[Records for this task — start]

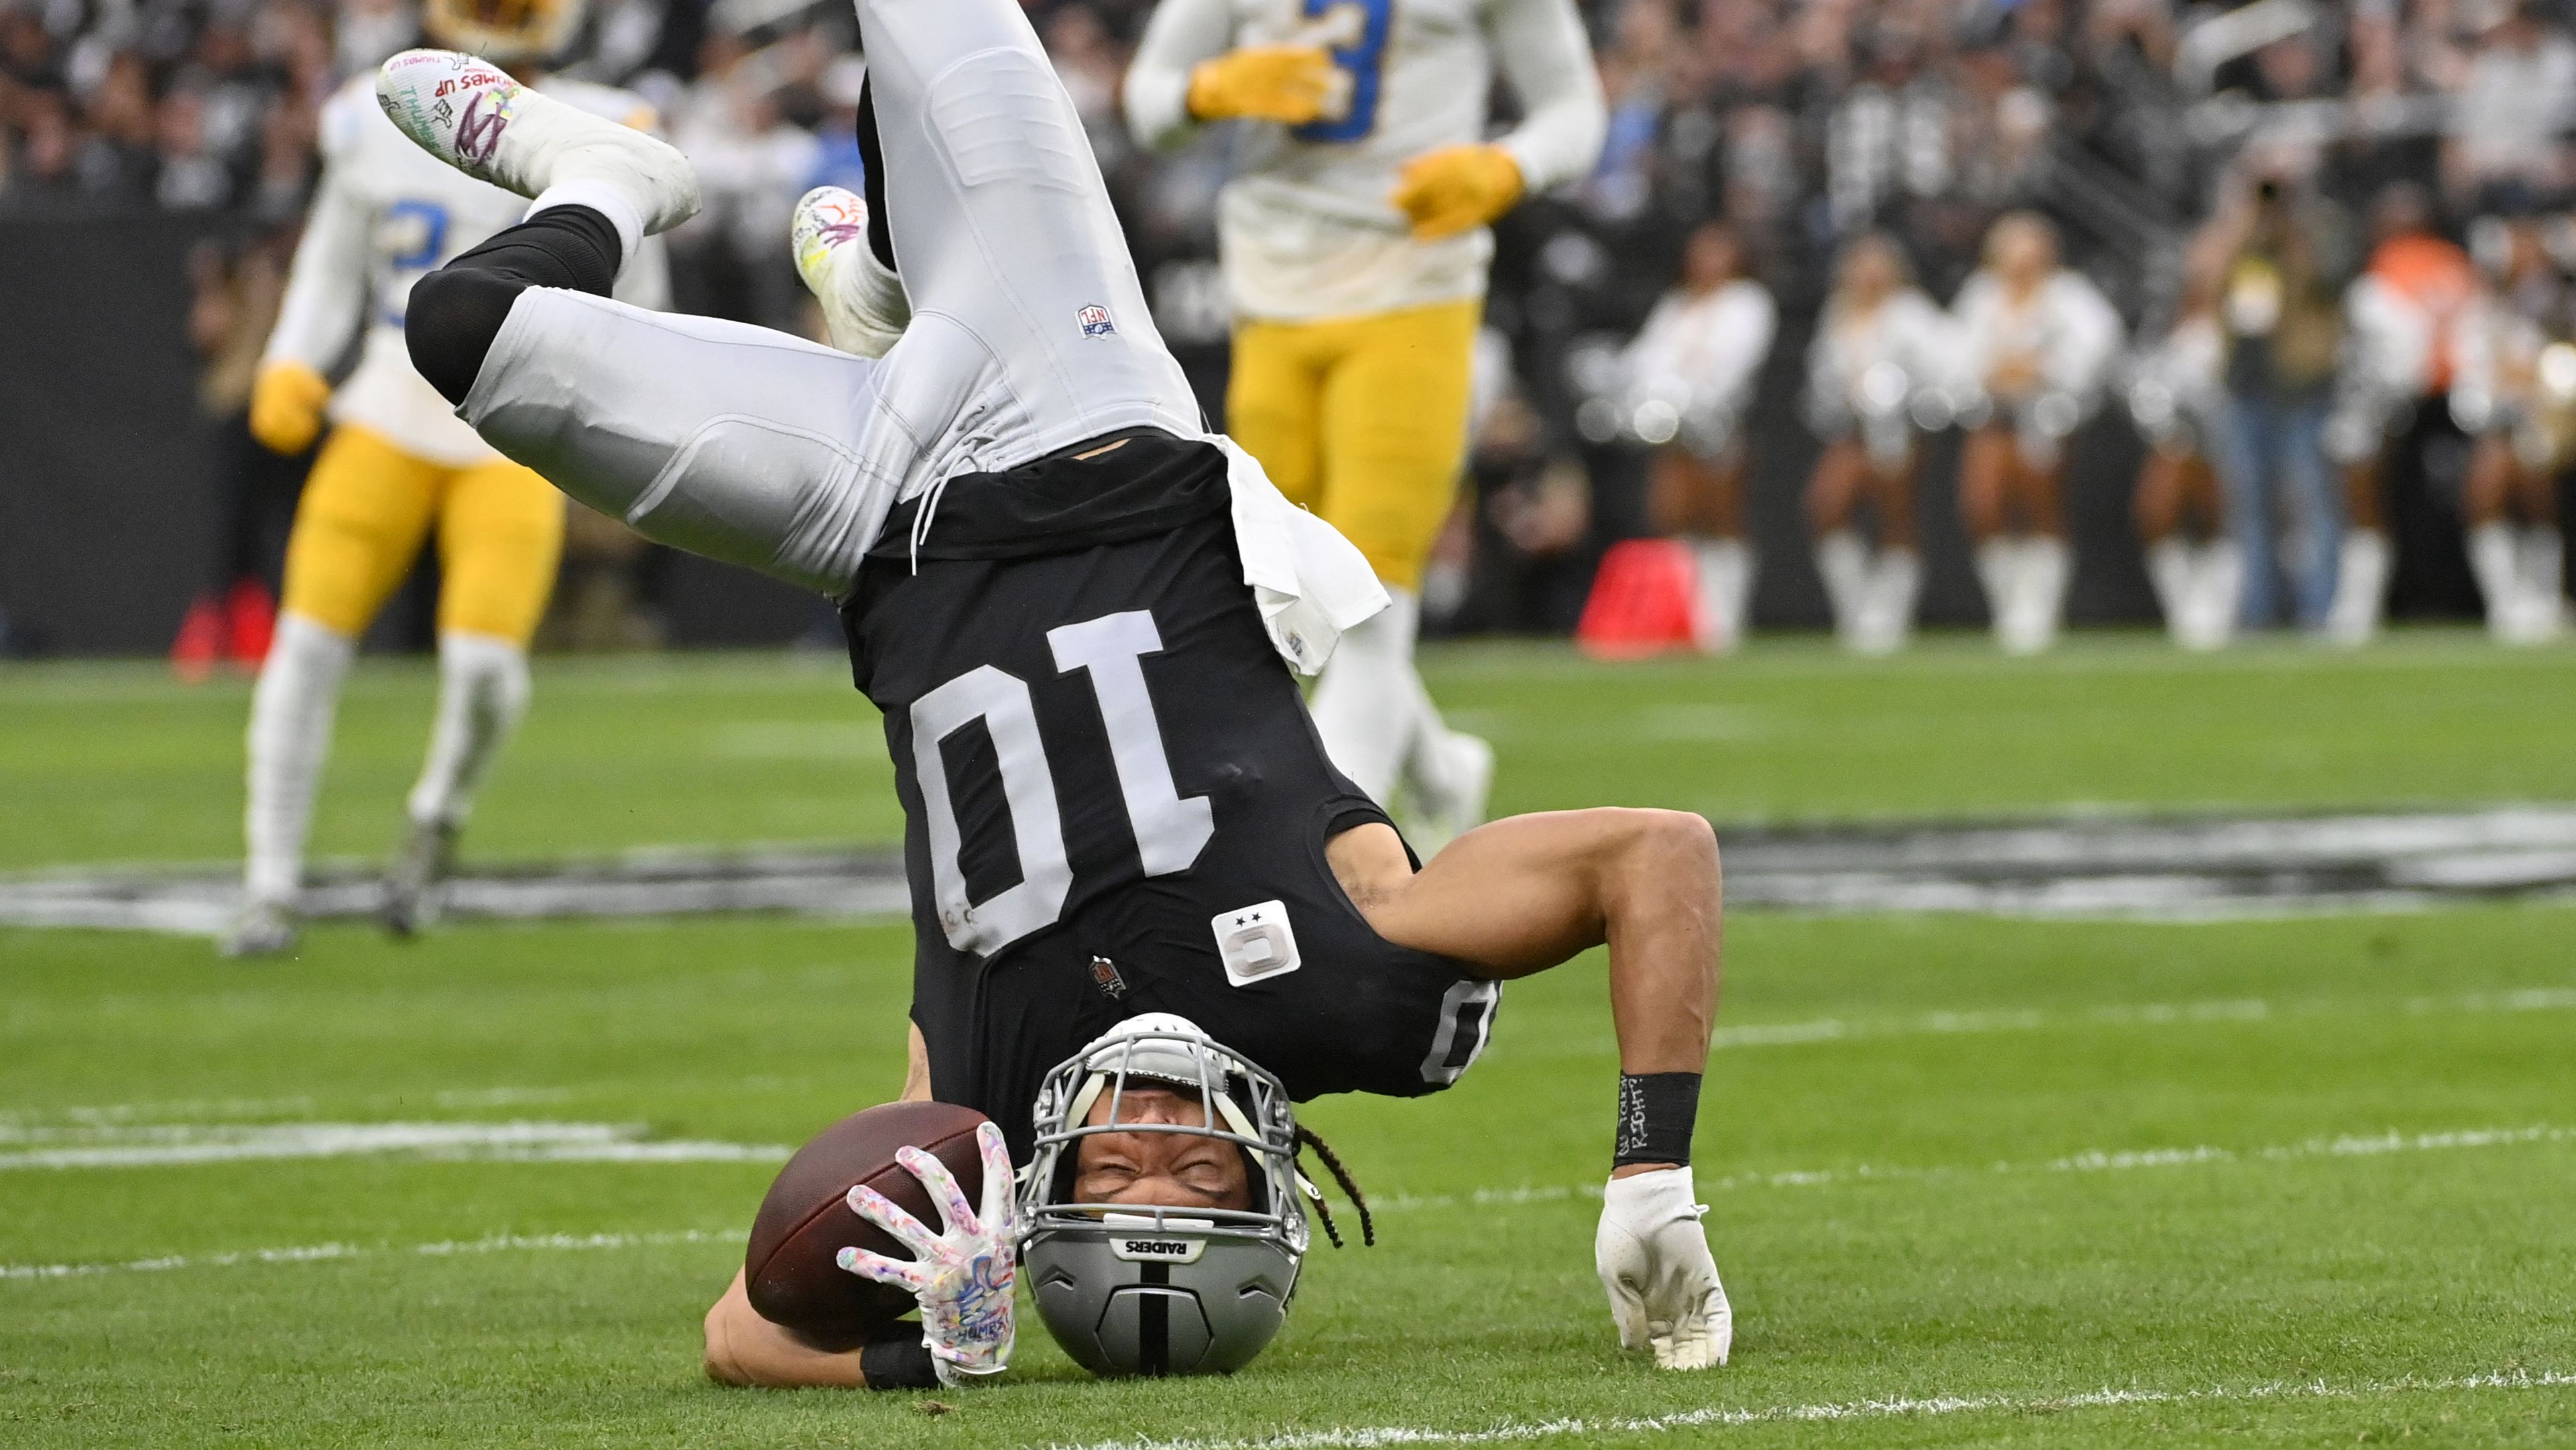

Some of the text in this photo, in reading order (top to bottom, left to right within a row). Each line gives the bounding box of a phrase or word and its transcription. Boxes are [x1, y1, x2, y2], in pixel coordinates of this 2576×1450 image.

[435, 78, 456, 97] UP
[1081, 308, 1107, 324] NFL
[910, 609, 1215, 957] 10
[1419, 979, 1504, 1085] 0
[1125, 1240, 1187, 1255] RAIDERS

[Records for this task — finish]

Aim of the exercise. A word-for-word repetition of the data above, without pictures, is the expected answer.

Response area.
Some of the text in this photo, in reading order (top to bottom, left to right within a row). Each line gives the bounding box of a phrase or word and its transcription. Boxes are [x1, y1, x2, y2], in pixel coordinates of this 2576×1450 image.

[435, 78, 456, 97] UP
[1081, 308, 1107, 324] NFL
[910, 609, 1215, 957] 10
[1419, 979, 1504, 1085] 0
[1125, 1240, 1187, 1255] RAIDERS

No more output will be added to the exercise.